Task description
Quote all entries exactly, leaving pictures aside.

[Records shown — start]

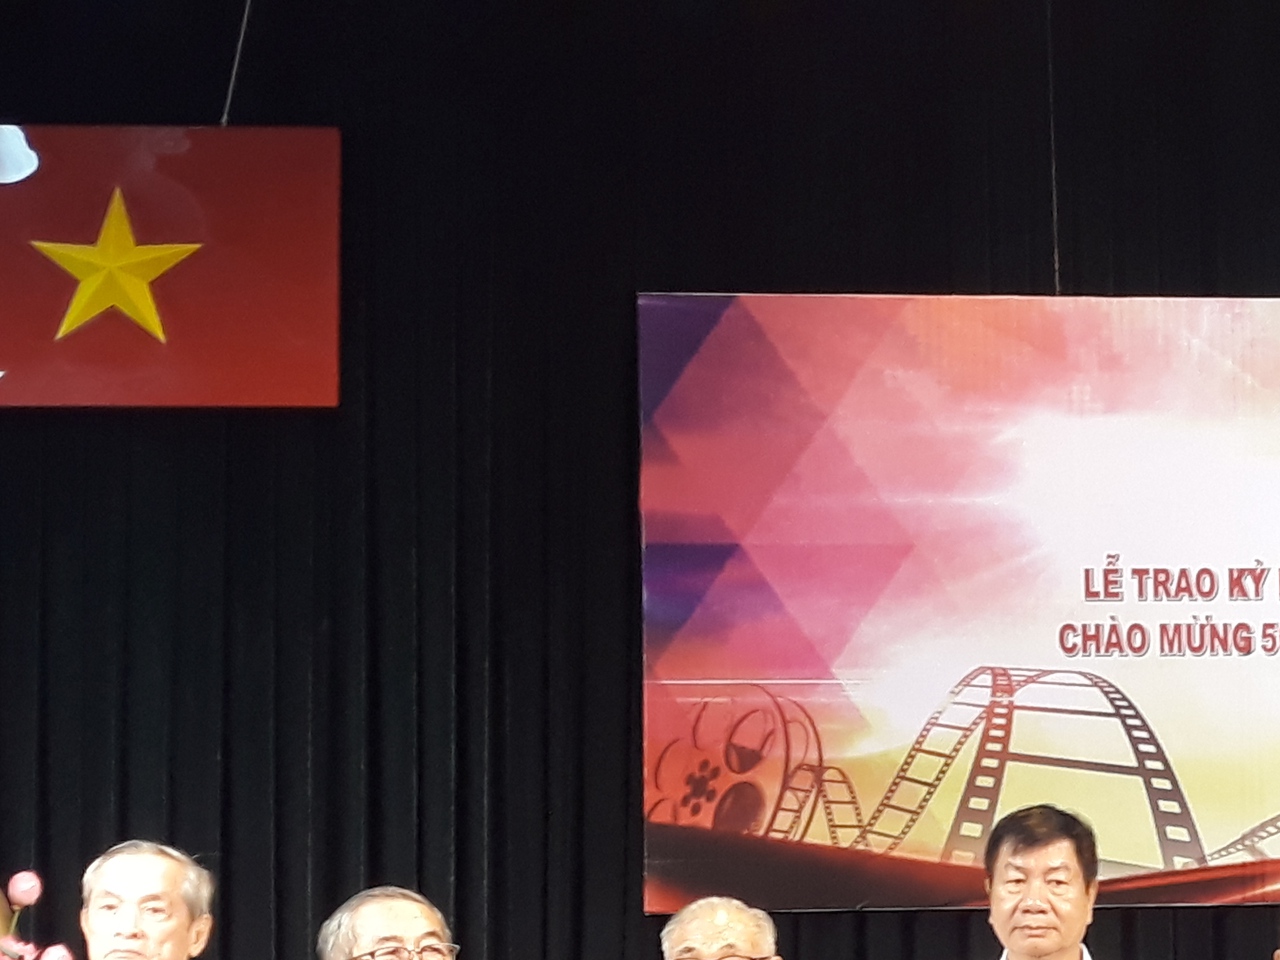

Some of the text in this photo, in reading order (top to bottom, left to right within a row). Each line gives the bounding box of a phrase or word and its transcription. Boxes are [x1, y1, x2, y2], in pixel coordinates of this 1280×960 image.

[1083, 554, 1125, 601] LỄ
[1131, 567, 1219, 601] TRAO
[1228, 559, 1270, 600] KỶ
[1058, 615, 1149, 657] CHÀO
[1159, 614, 1257, 657] MỪNG
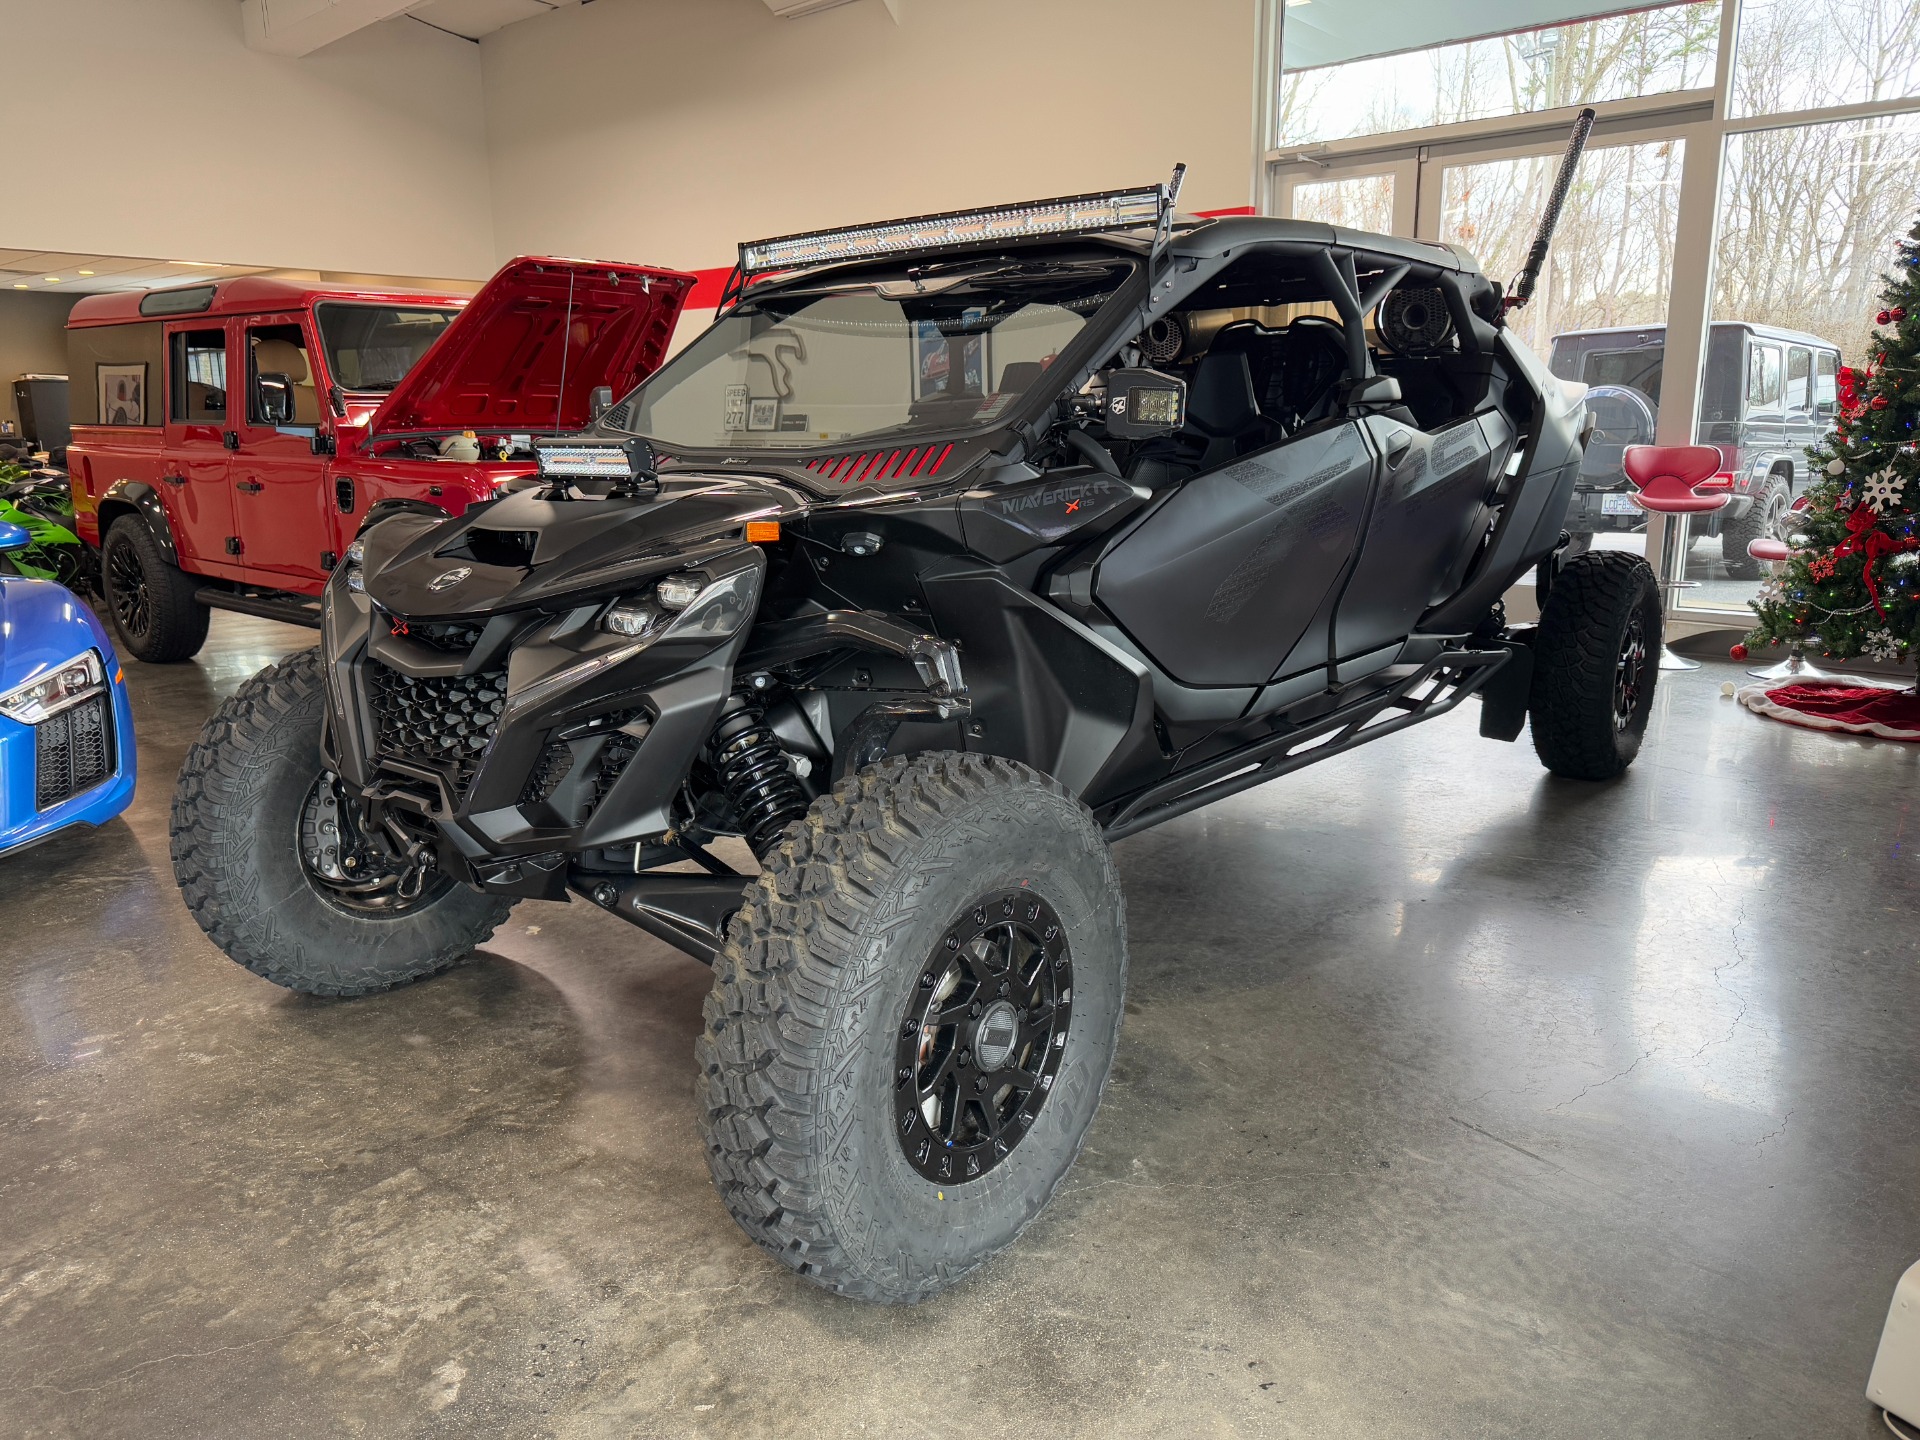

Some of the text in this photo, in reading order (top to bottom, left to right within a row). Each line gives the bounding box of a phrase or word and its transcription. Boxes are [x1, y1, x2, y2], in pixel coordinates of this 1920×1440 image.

[Records shown — finish]

Result for this exercise
Some of the text in this photo, in reading order (top to bottom, left to right within a row). Each line gives the bounding box of a phrase or word and its transcription. Boxes are [x1, y1, x2, y2], in pixel coordinates of this 1280×960 image.

[1083, 554, 1125, 601] LỄ
[1131, 567, 1219, 601] TRAO
[1228, 559, 1270, 600] KỶ
[1058, 615, 1149, 657] CHÀO
[1159, 614, 1257, 657] MỪNG

Some of the text in this photo, in reading order (top to bottom, left to right within a row). Each line gives the bounding box of a phrase or word and its transcription. Boxes are [x1, y1, x2, y2], in pixel coordinates of this 1920×1440 image.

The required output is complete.